Easy ways to prevent infestations:
- DEET. None of this herbal medicine crap (I know I’m going to get smacked for saying this). If you really want to keep the mosquitoes away, buy the good stuff.
- Put your food away and don’t keep it in your tent. The easiest way to attract rodents is to tempt them with tasty bits. Mice will chew through anything. We’ve met some pretty feisty birds, raccoons, honey badgers and matzo stealing monkeys too. Keep everything sealed up and in a car or animal proof box.
- When deciding where to pitch your tent, don’t forget to look up. Camping under trees infested with spiders, ants, or cockatoos isn’t fun. Trust me.
Gear that helps:
- Did I mention insect repellent with DEET already?
- Mesh tents. Bring a tent that seals completely and don’t leave the zipper open. Ever!
- Husbands with big sticks. Ok, I know you can’t exactly pick one of these up at the sporting good store, but it might be fun to try.
Be Well Fed
You might be the best cook in the world, but if you don’t know how to build a fire, repair a gas stove, or bake on a bed of charcoal, you’ll end up with some pretty terrible meals. Luckily the remedies are easy.

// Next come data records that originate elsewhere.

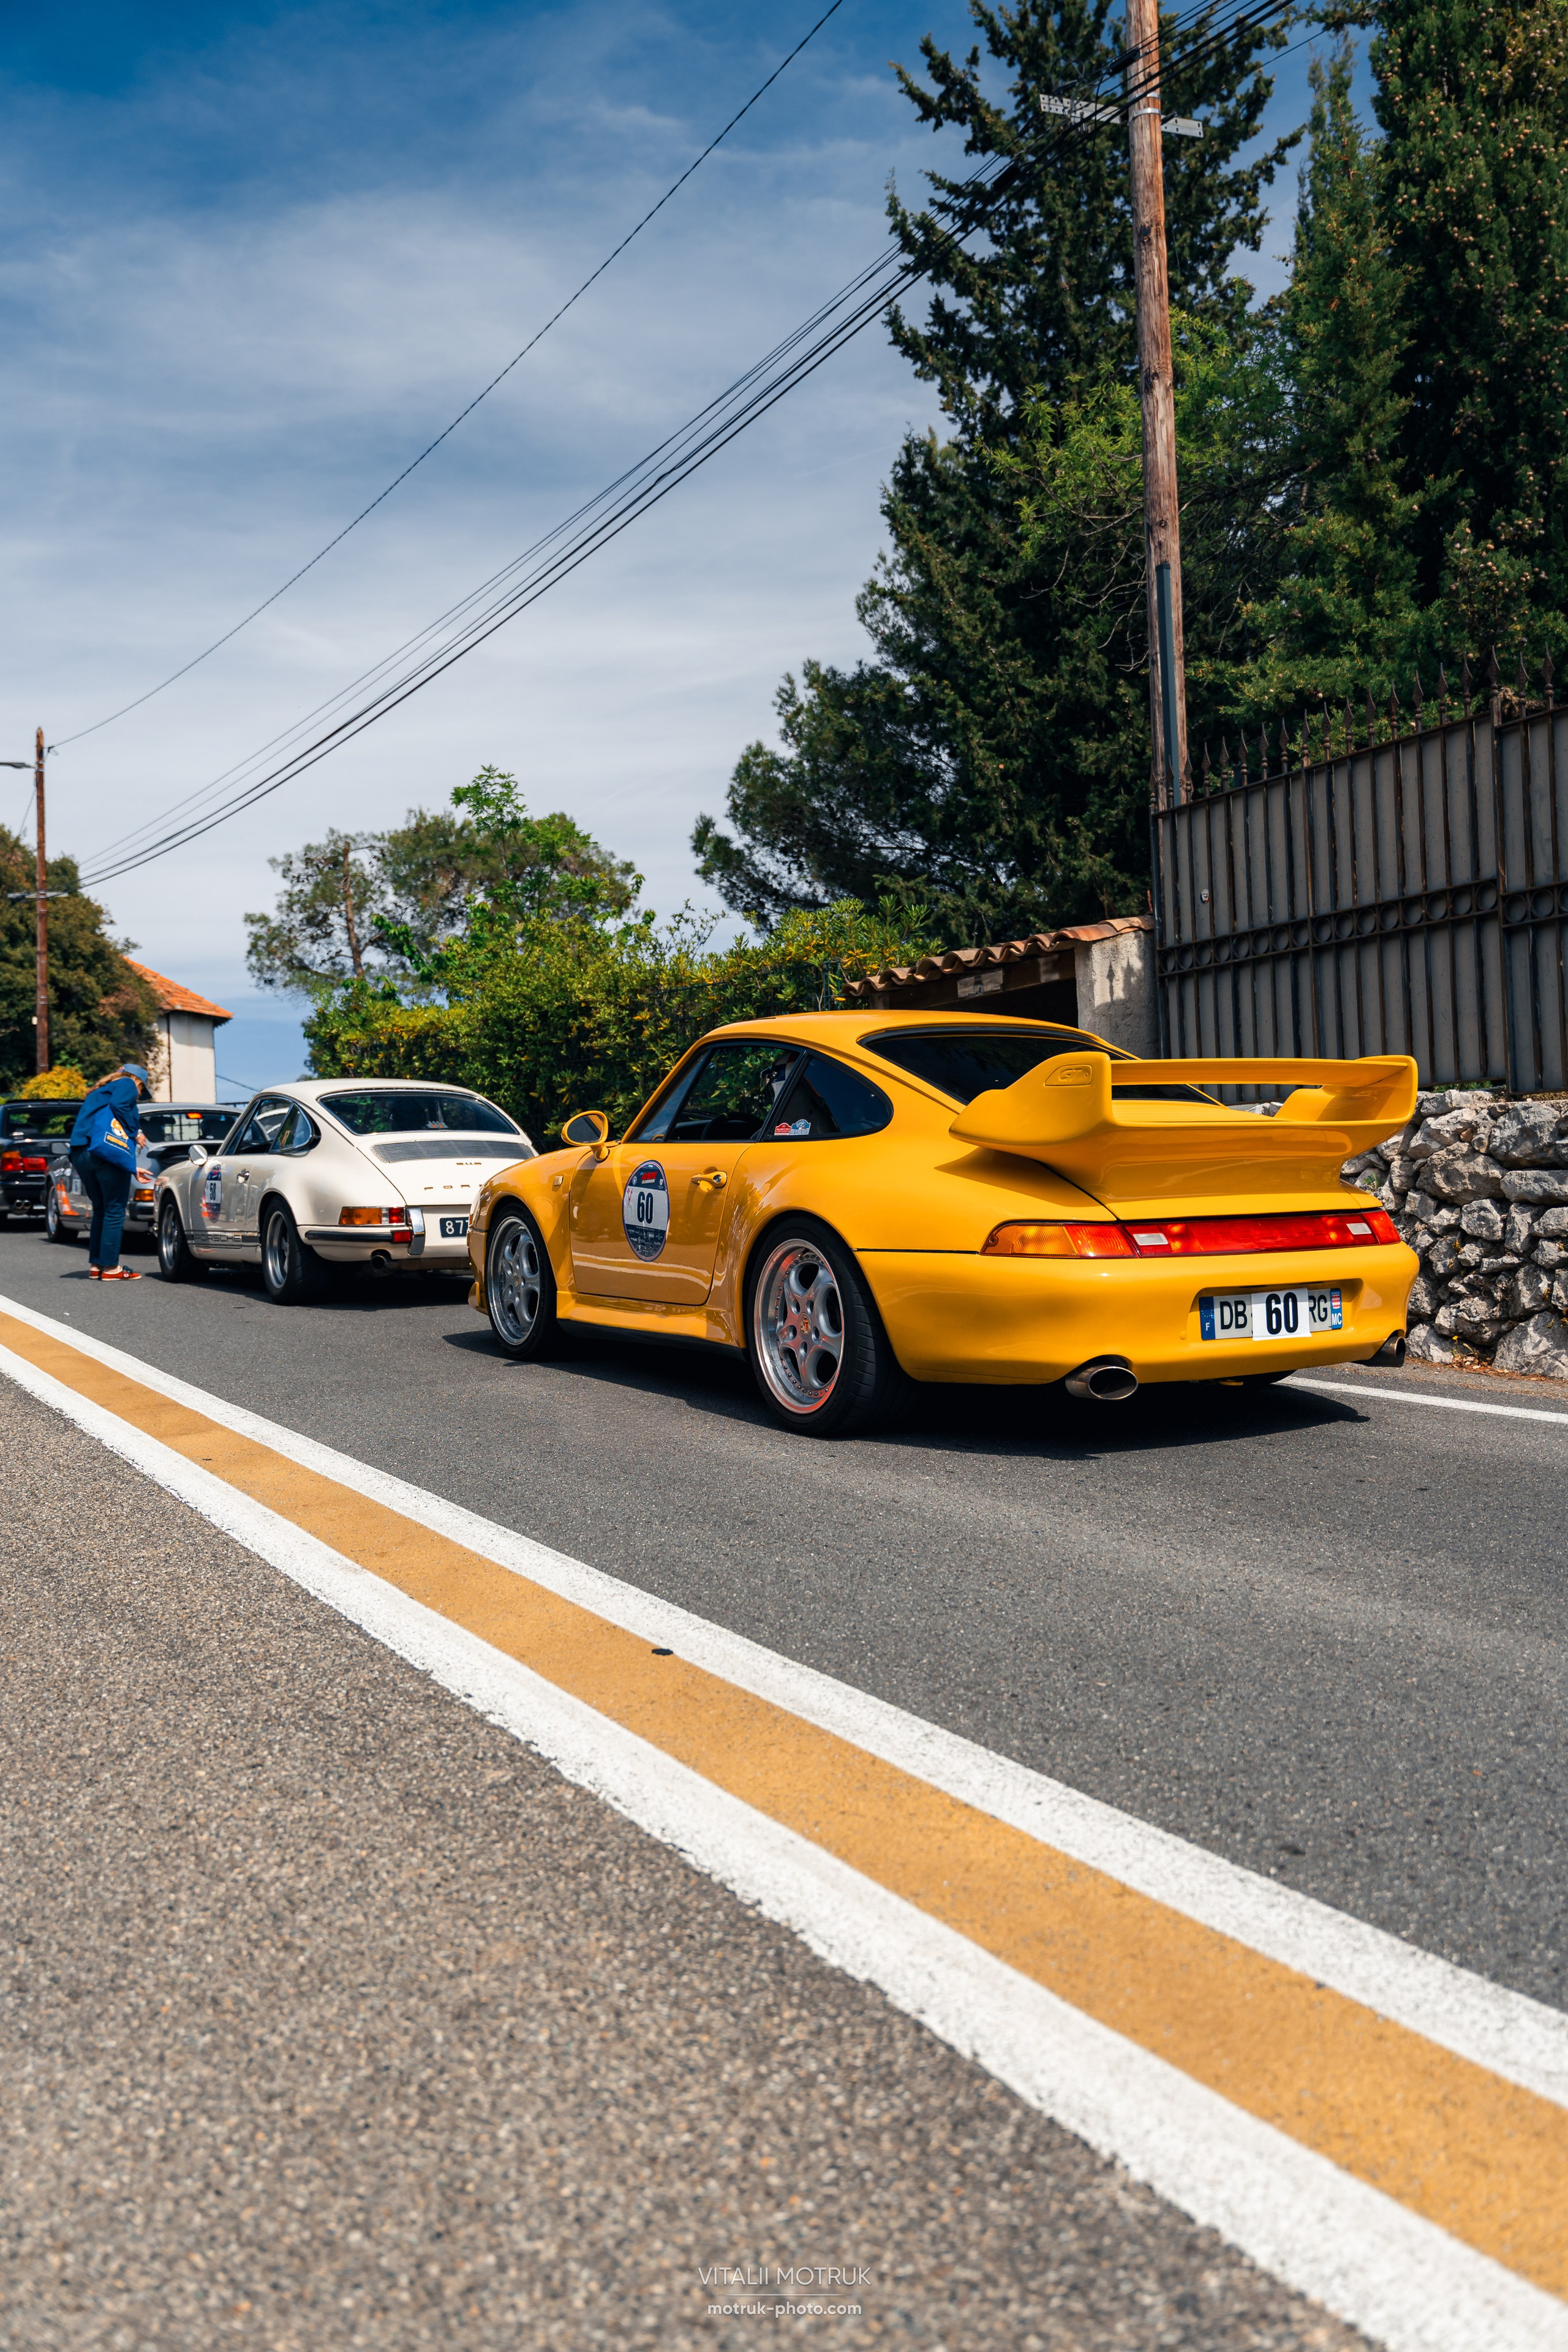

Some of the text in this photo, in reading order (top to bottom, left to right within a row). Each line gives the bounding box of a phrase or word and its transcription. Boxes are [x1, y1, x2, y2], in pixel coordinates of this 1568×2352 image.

[1058, 1068, 1083, 1082] GT
[209, 1182, 217, 1201] 58
[636, 1191, 654, 1224] 60
[445, 1219, 469, 1235] 87
[194, 1234, 242, 1243] PORSCHE
[1219, 1300, 1248, 1330] DB
[1265, 1291, 1299, 1335] 60
[1331, 1312, 1342, 1326] MC
[1205, 1322, 1210, 1331] F
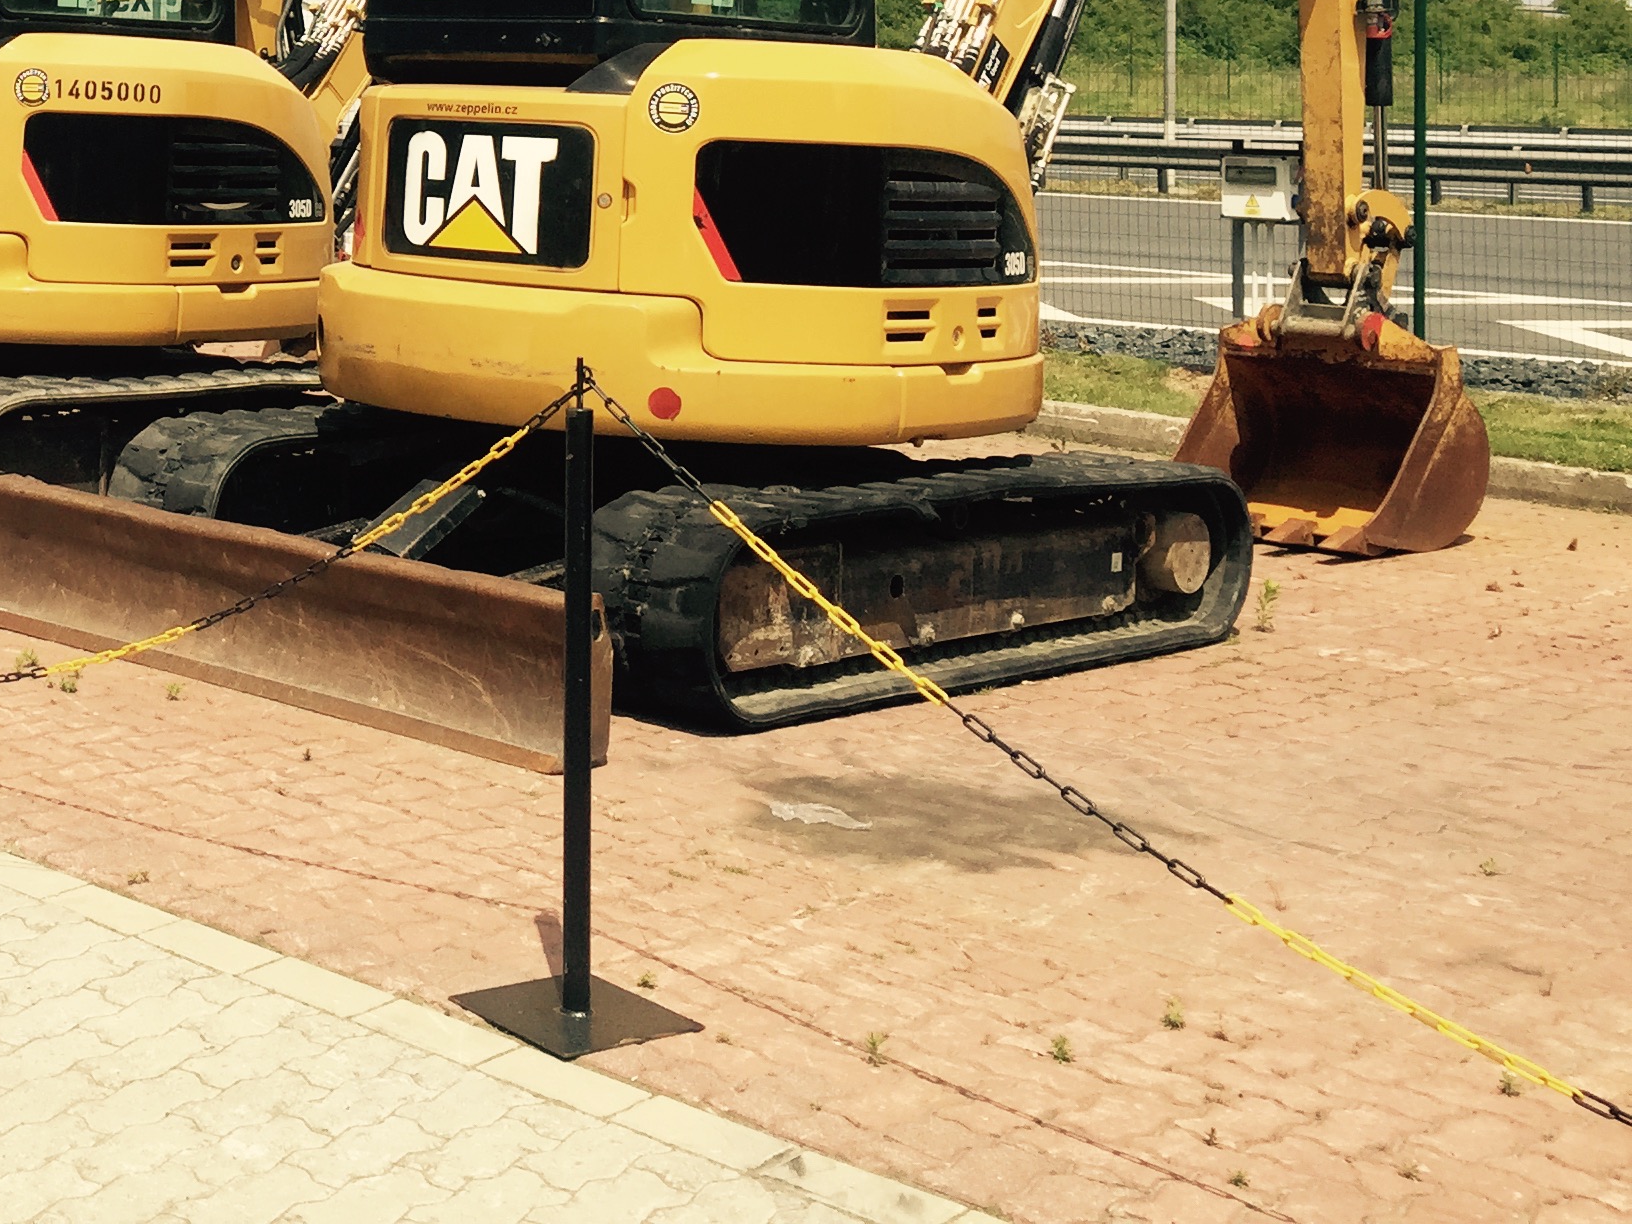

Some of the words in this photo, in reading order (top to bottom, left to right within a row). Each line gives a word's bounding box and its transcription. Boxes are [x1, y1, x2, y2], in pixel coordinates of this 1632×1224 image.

[427, 97, 518, 116] www.zeppelin.cz
[403, 130, 559, 255] CAT
[288, 198, 313, 218] 305D
[1004, 251, 1026, 276] 305D
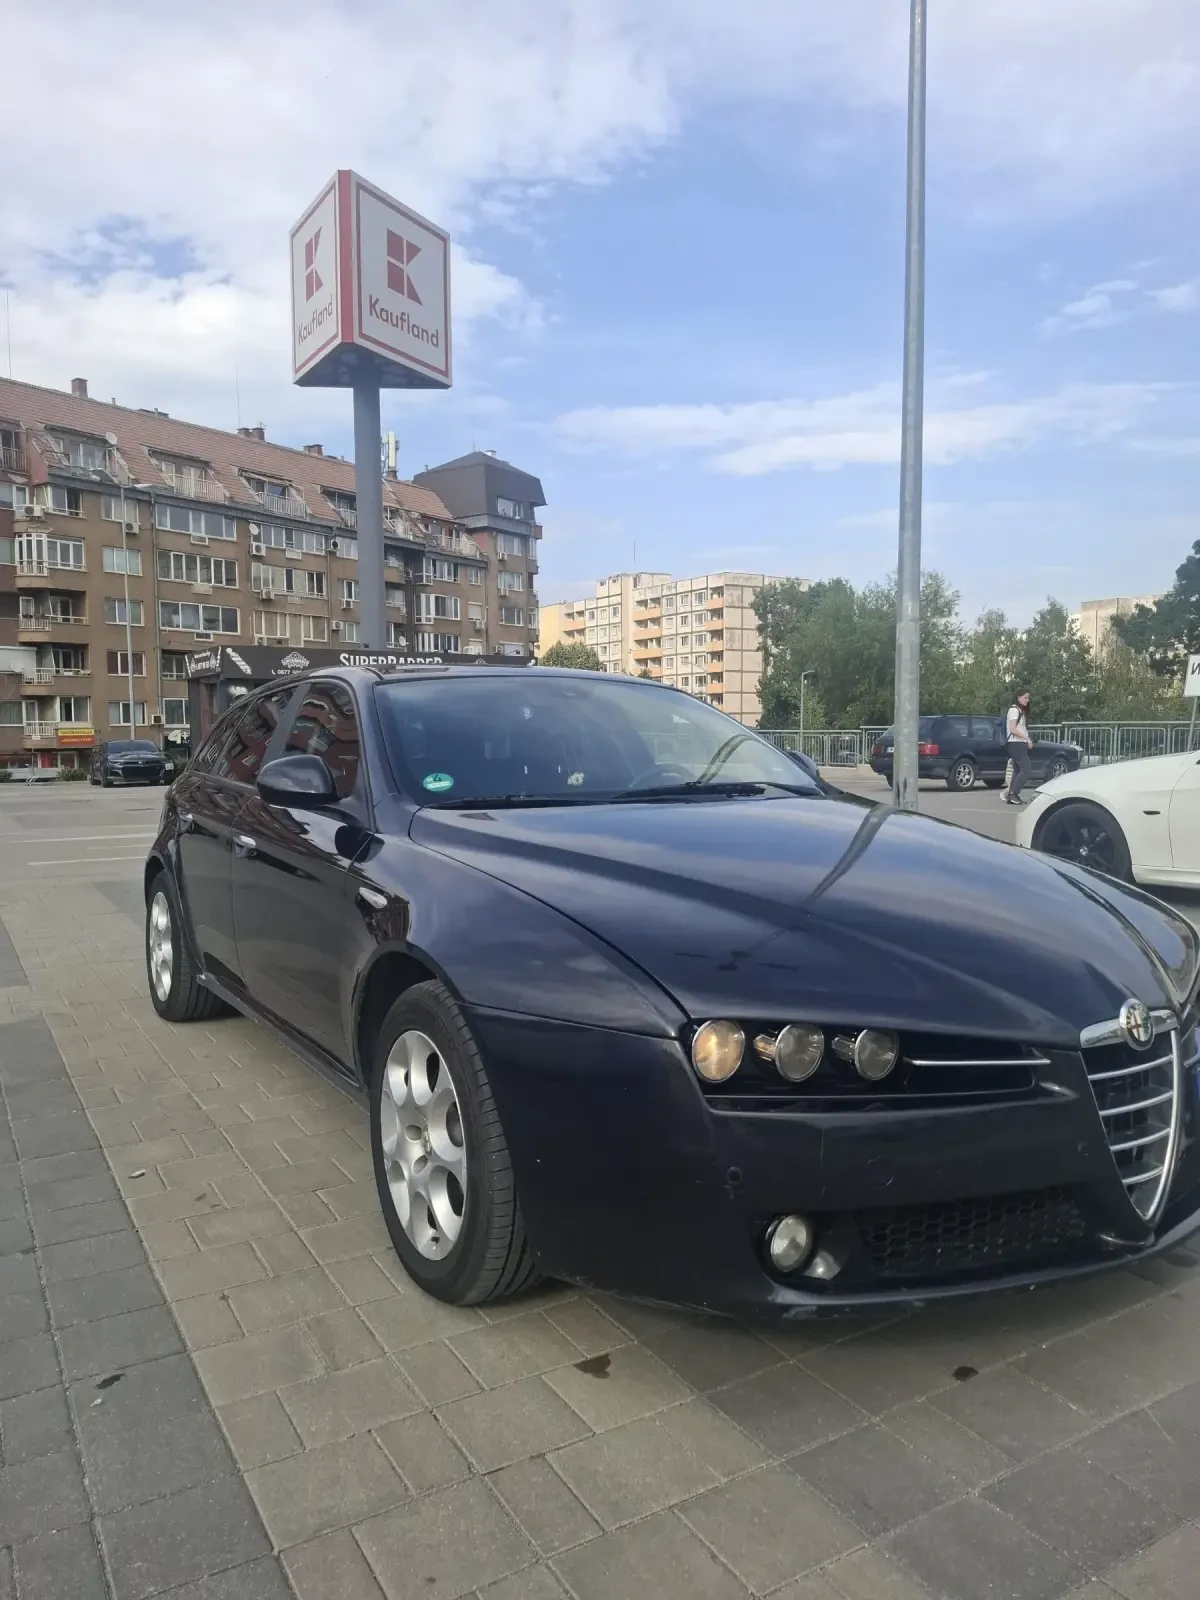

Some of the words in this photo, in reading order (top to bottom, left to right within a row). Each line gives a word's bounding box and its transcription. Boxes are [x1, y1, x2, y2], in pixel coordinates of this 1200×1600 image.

Easy ways to prevent going hungry:
- When you’re hungry, eat! Don’t wait until you are starving.
- Always have extra food. Maybe an MRE or a few cans of beans. Nothing stinks more than showing up a campground to find that the camp store is permanently closed and there’s no bus back to town until Monday.
- Don’t make fancy meals when you don’t have the time. Let’s face it, I love fresh baked cinnamon rolls as much as the next person. But when I’m hungry, a granola bar does just fine.
- Have easy to prepare food for emergency. And by emergency I mean, someone burnt the meat, spilled the pasta, added salt in place of sugar, or otherwise failed at preparing something edible.
Gear that helps:
- A cooler / ice box / esky. It’s a lot easier to keep leftovers and fresh vegetables when you have a cool storage place. Even without ice, a cool box is better than the trunk of your car when it’s sweltering outside.
- The right size pots and pans. Ever try to stir-fry in a small pot? Or pour boiling water from a saute pan? Good cooking is a lot easier and less frustrating with the right tools. I’m not saying pack the entire kitchen, just select pots and pans wisely.
The worst part about camping is sitting around on the ground staring at each other wondering what to do. Boredom won’t ruin a trip, but combined with freezing weather, terrible food or relentless mosquitoes it becomes excruciating. The lack of anything constructive to do quickly turns an unlucky situation into a miserable one.
Easy ways to prevent boredom:
- Be interested in where you are at or where you are going. Places that have interesting natural history are a lot more fun to explore than say, your backyard.
- Camp where there is stuff to do and add extra cash in your budget for “tours”.
- Talk to rangers and locals. They know a LOT and are generally willing to teach people interested enough to ask.
- Take up fishing. Personally I think it defines boredom rather than fighting it, others may strongly disagree.
- Cook elaborate meals. Preferably over a campfire, and involve baking.
Gear that helps:
- Books! E-books! Books on tape! Or all of the above.
- Travel games, a deck of cards, dice.